«Un grande narratore capace di cogliere i dettagli più profondi nel magistrale artigianato del raccontare.»
La Stampa
«Sepúlveda ha il senso della narrazione concisa ed efficace, il gusto delle immagini finemente cesellate, un grande dono dell’evocazione che gli permette di rendere semplici, stilizzandoli, gli esseri e gli avvenimenti più complicati.»
Le Monde
In questi brevi e densi testi, scritti tra la primavera del 2005 e il dicembre del 2006, quando muore Pinochet, a tratti pare di procedere lungo una galleria degli orrori. L'ombra cupa del Generale e della sua famiglia rapace aleggia ancora sul Cile e sui ricordi di chi ha conosciuto in prima persona la crudeltà del tiranno, e ora assiste alla sua scomparsa.
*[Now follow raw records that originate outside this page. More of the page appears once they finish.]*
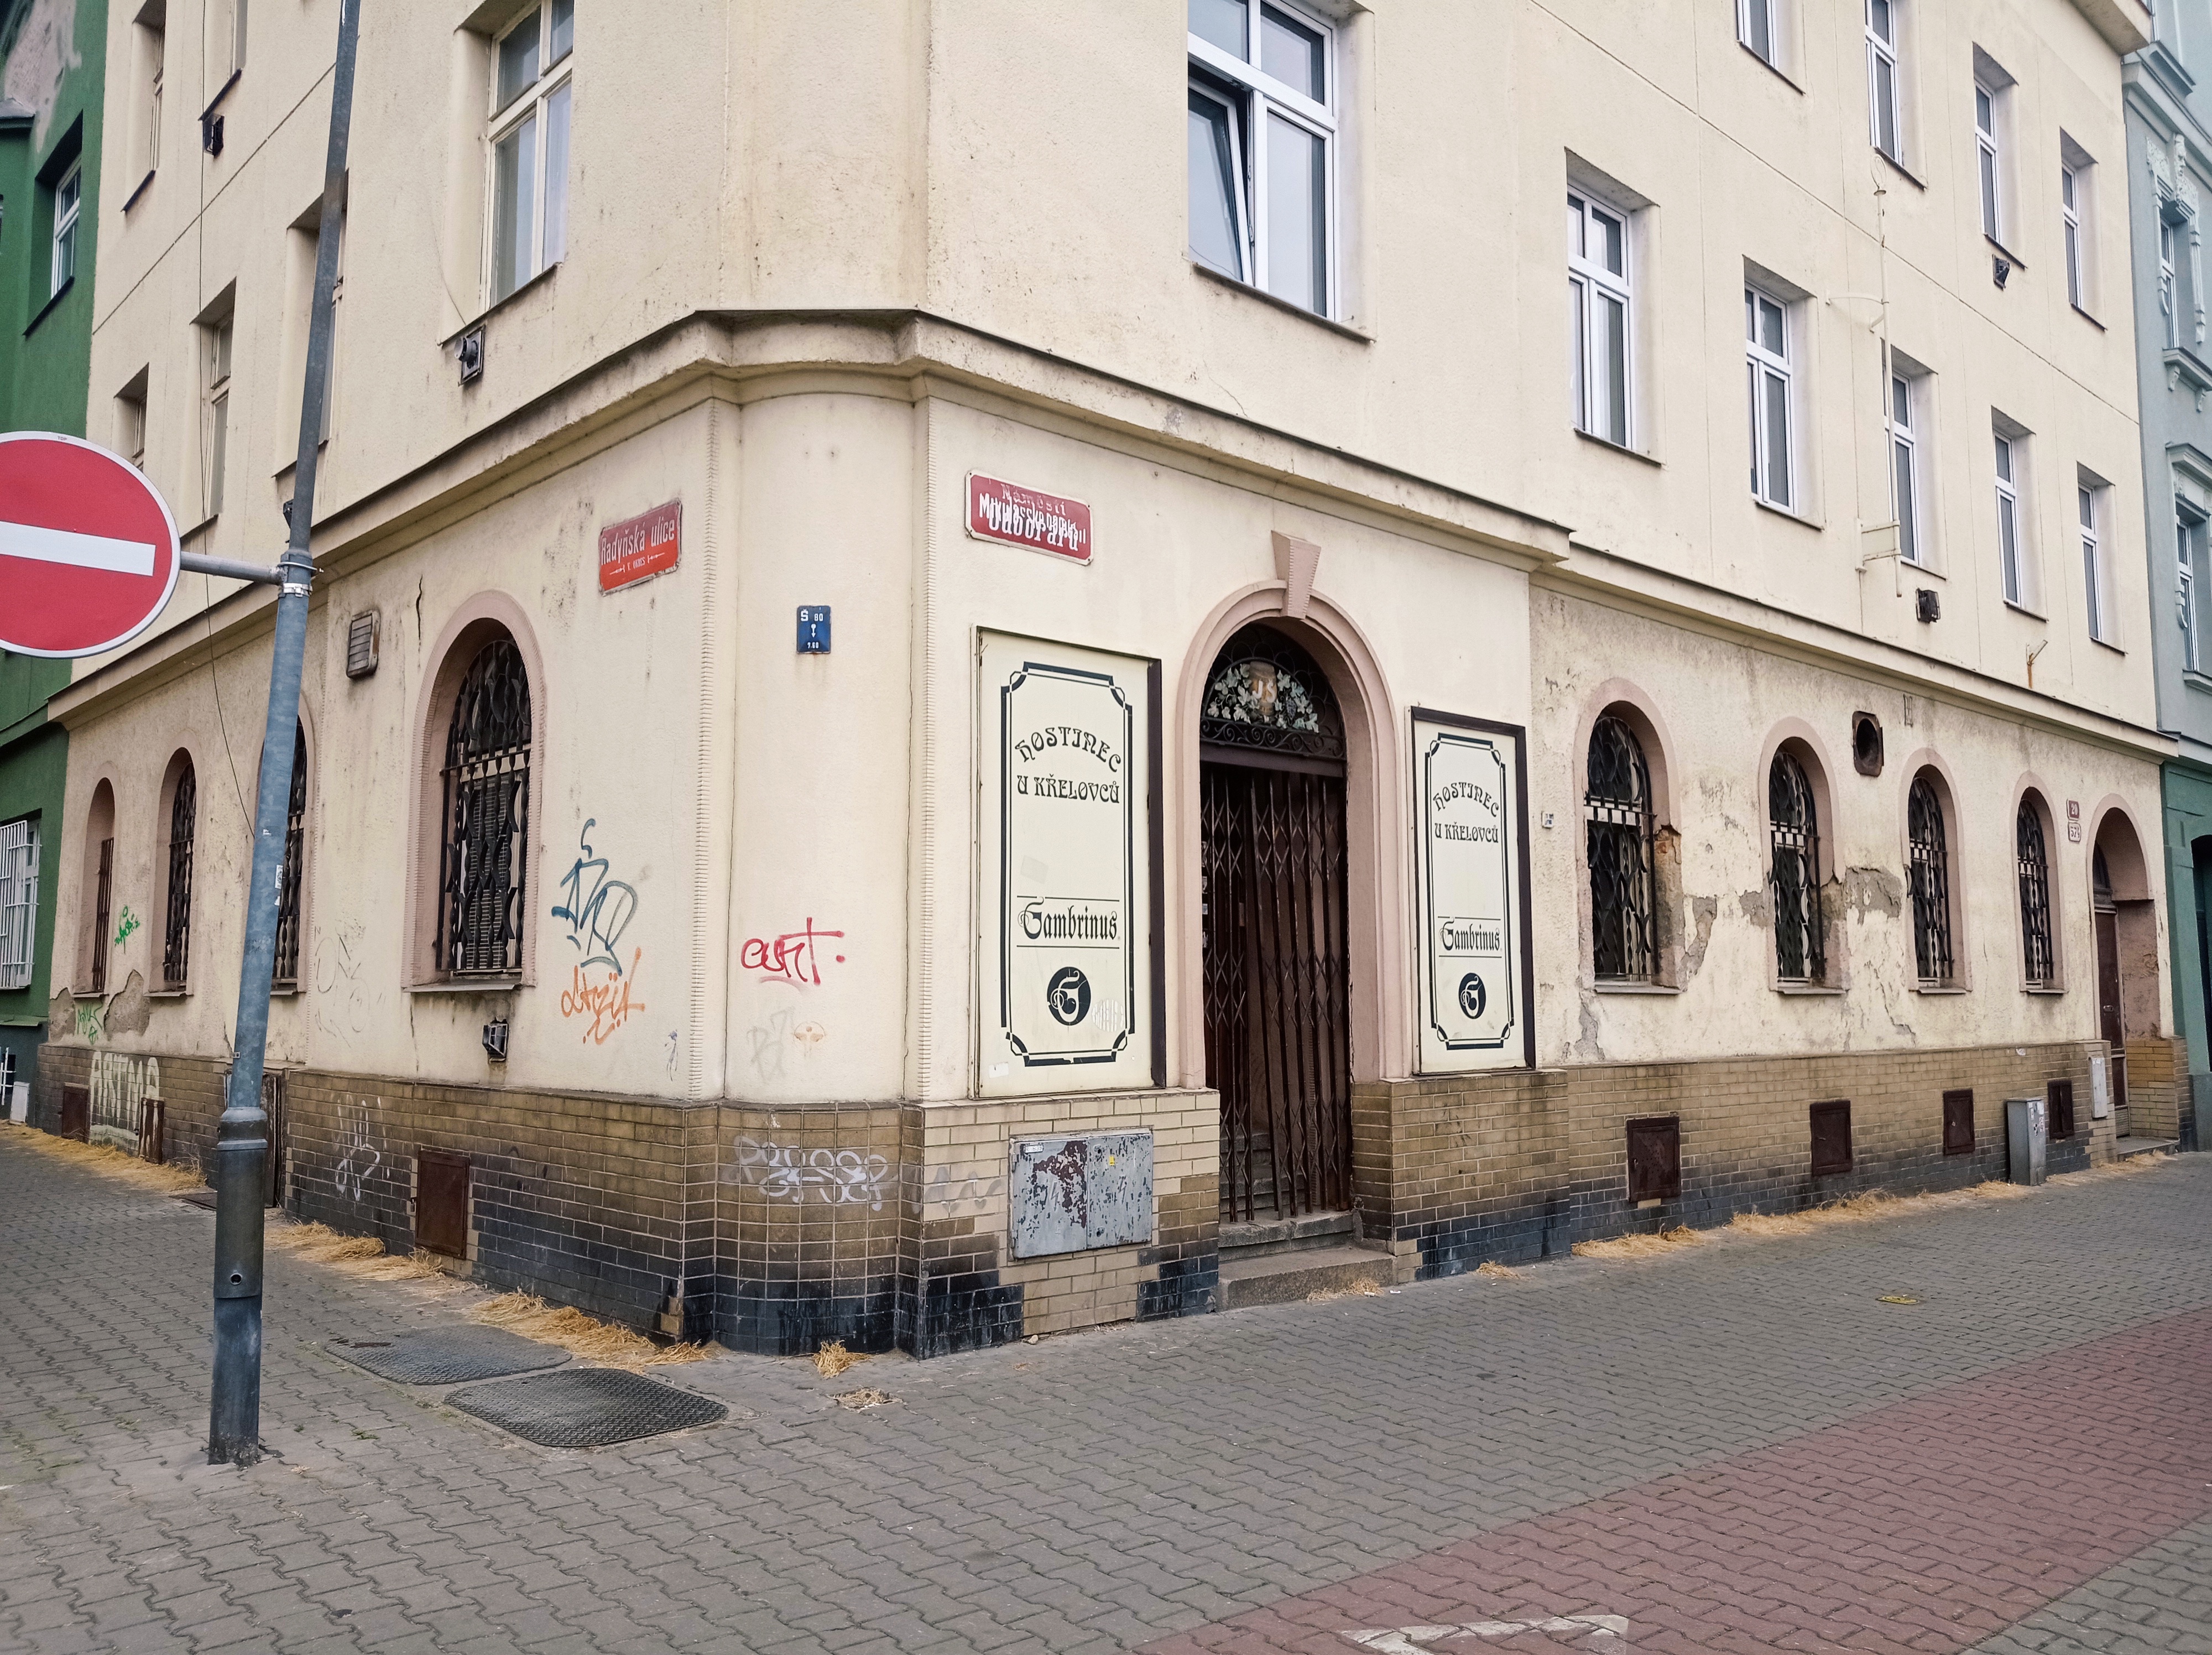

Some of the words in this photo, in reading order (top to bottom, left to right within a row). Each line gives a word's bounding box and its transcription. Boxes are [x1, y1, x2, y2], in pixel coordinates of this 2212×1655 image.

[601, 522, 646, 566] Radyňská
[651, 516, 675, 548] ulice
[814, 613, 824, 622] 80
[1014, 726, 1121, 773] HOSTINEC
[1017, 774, 1029, 795] U
[1034, 773, 1120, 804] KŘELOVCŮ
[1433, 782, 1499, 818] HOSTINEC
[2071, 803, 2078, 815] 20
[1434, 823, 1442, 839] U
[1444, 821, 1499, 843] KŘELOVCŮ
[2070, 826, 2080, 838] 574
[1018, 896, 1118, 940] Gambrinus
[1439, 917, 1500, 951] Gambrinus
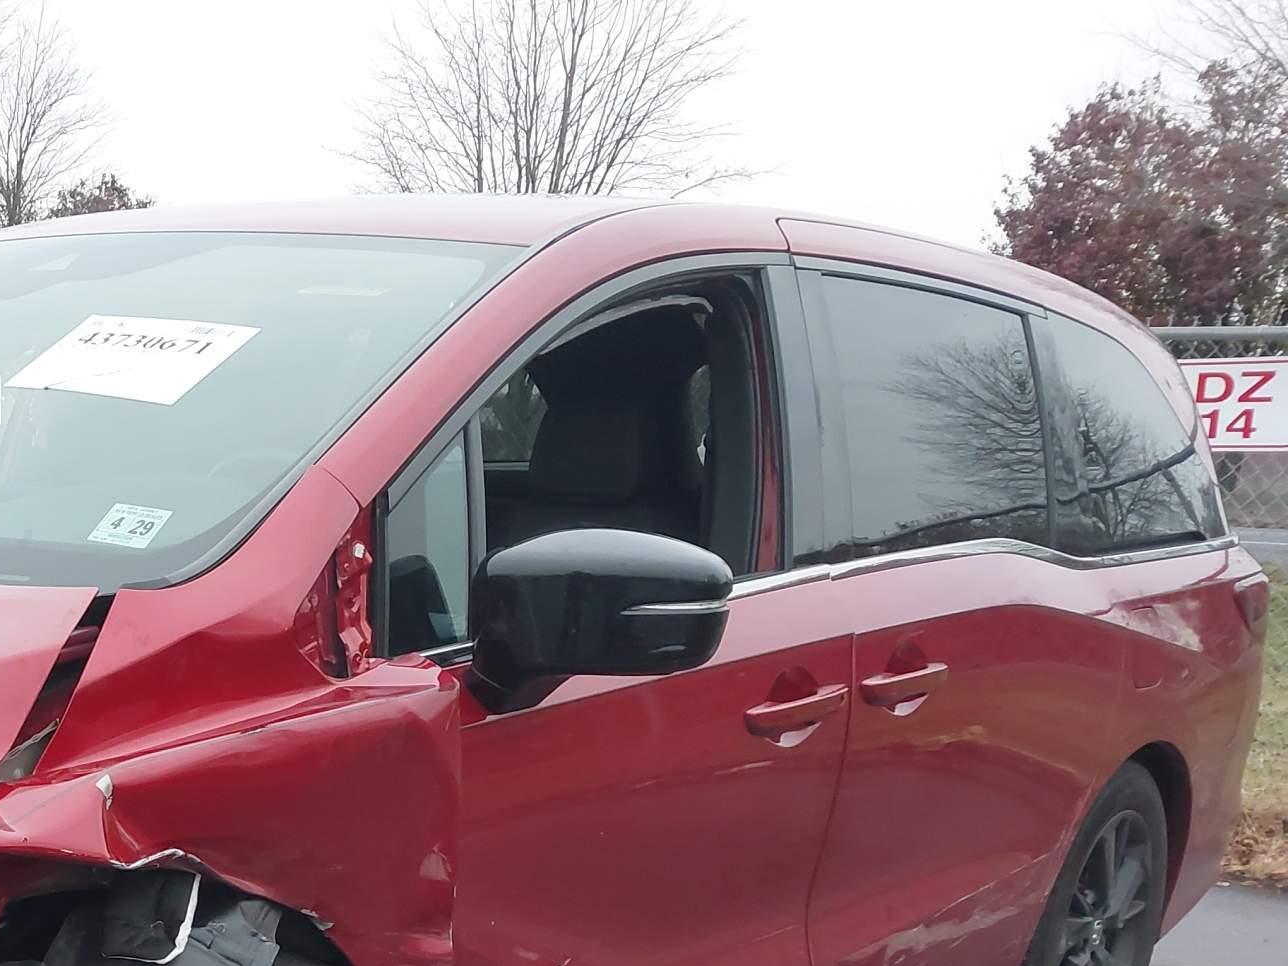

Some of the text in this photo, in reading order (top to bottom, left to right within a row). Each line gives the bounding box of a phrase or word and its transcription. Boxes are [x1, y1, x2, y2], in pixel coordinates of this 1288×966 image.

[78, 332, 212, 354] 43730671
[1195, 370, 1276, 403] DZ
[1201, 408, 1257, 439] 14
[110, 516, 155, 536] 4 29
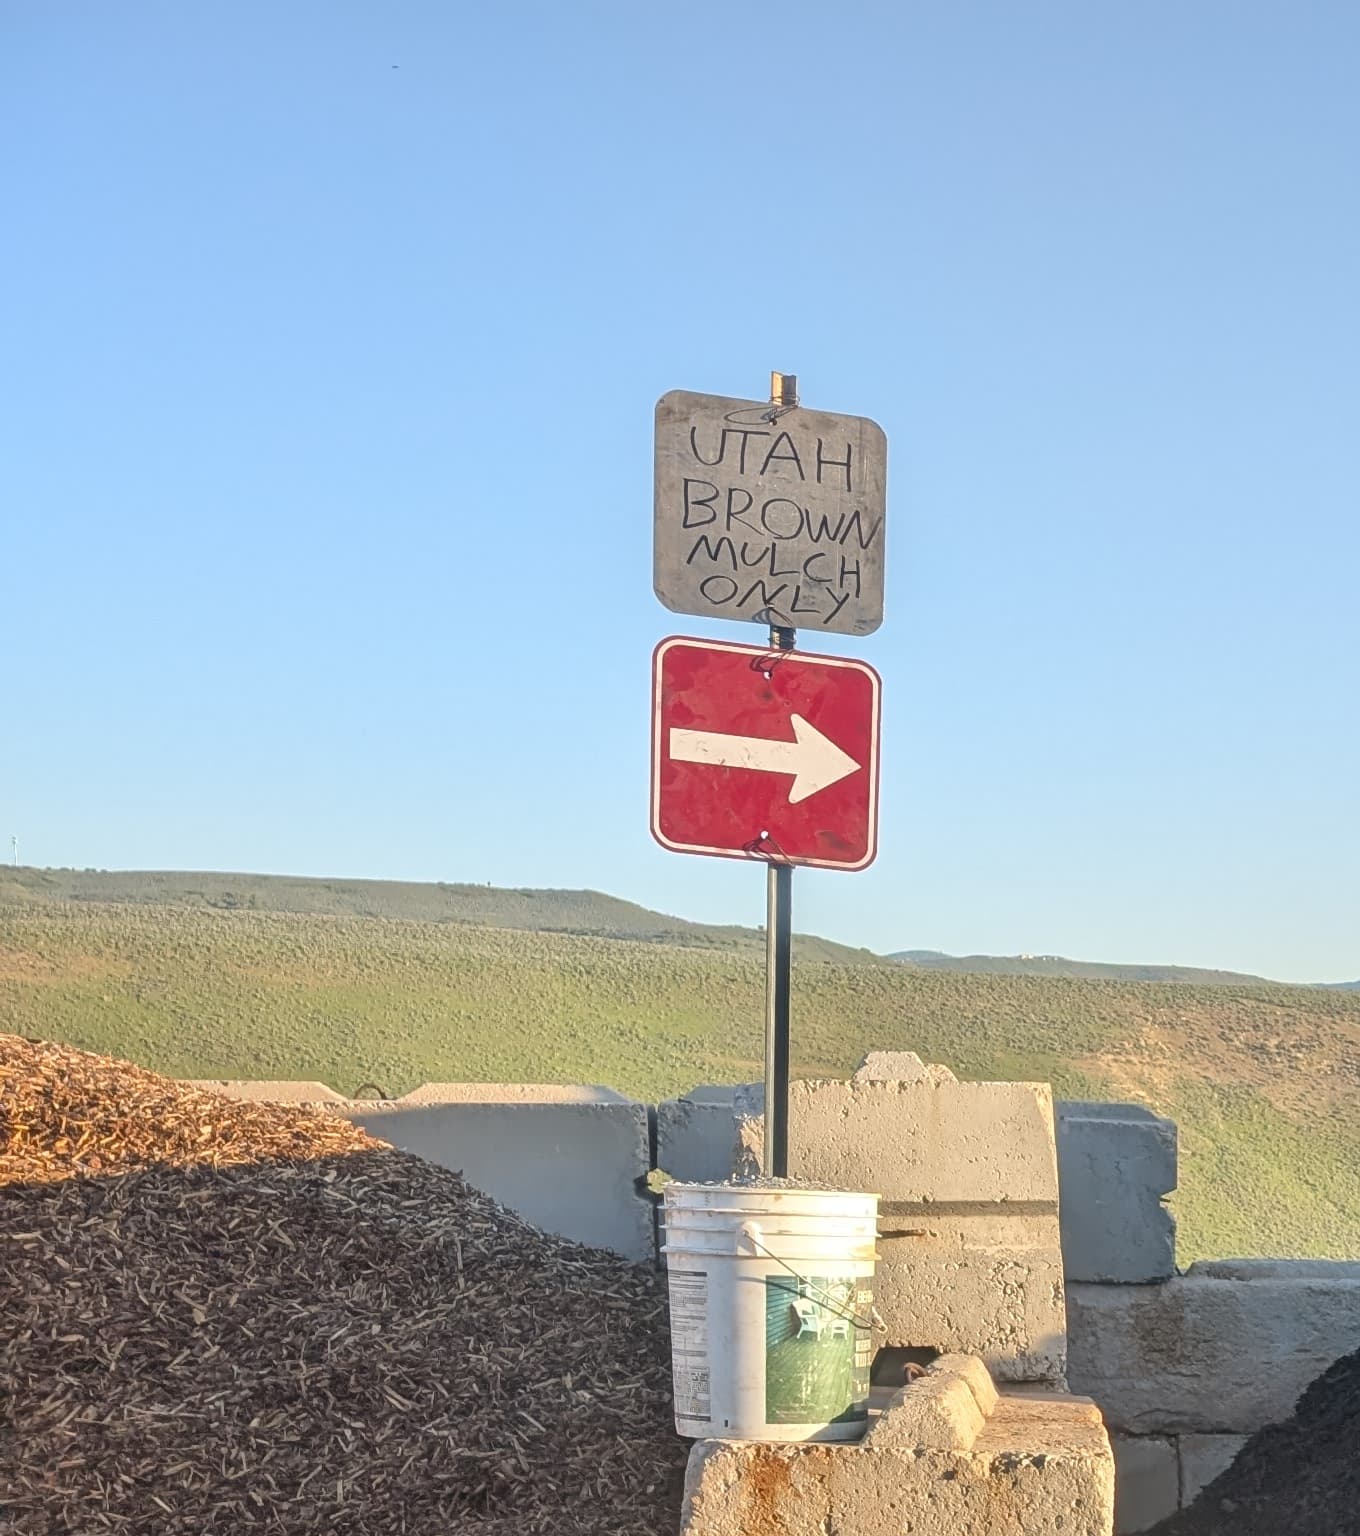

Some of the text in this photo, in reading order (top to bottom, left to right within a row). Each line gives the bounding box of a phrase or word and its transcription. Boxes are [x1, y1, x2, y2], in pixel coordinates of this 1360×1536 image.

Fantasmi di intolleranza serpeggiano per le strade della pur civile Francia e sollevano la protesta degli emigrati, a testimonianza del fatto che nessun luogo geografico ha l'esclusiva sulle prevaricazioni. Fanno rabbia l'ingiustizia e la prepotenza a chi si è sempre battuto per una società a misura d'uomo. Tuttavia, in questa lucida disamina del mondo attuale, all'autore non viene mai meno la voglia di recuperare l'ottimismo. La speranza di una svolta c'è sempre. La incarnano un presidente donna alla guida del Cile, Michelle Bachelet; gli studenti in lotta, che rivendicano un sistema d'istruzione basato sulla qualità dell'insegnamento; i cileni che, dai più sperduti angoli del paese, hanno esercitato il diritto al voto, dando prova di maturità nelle scelte.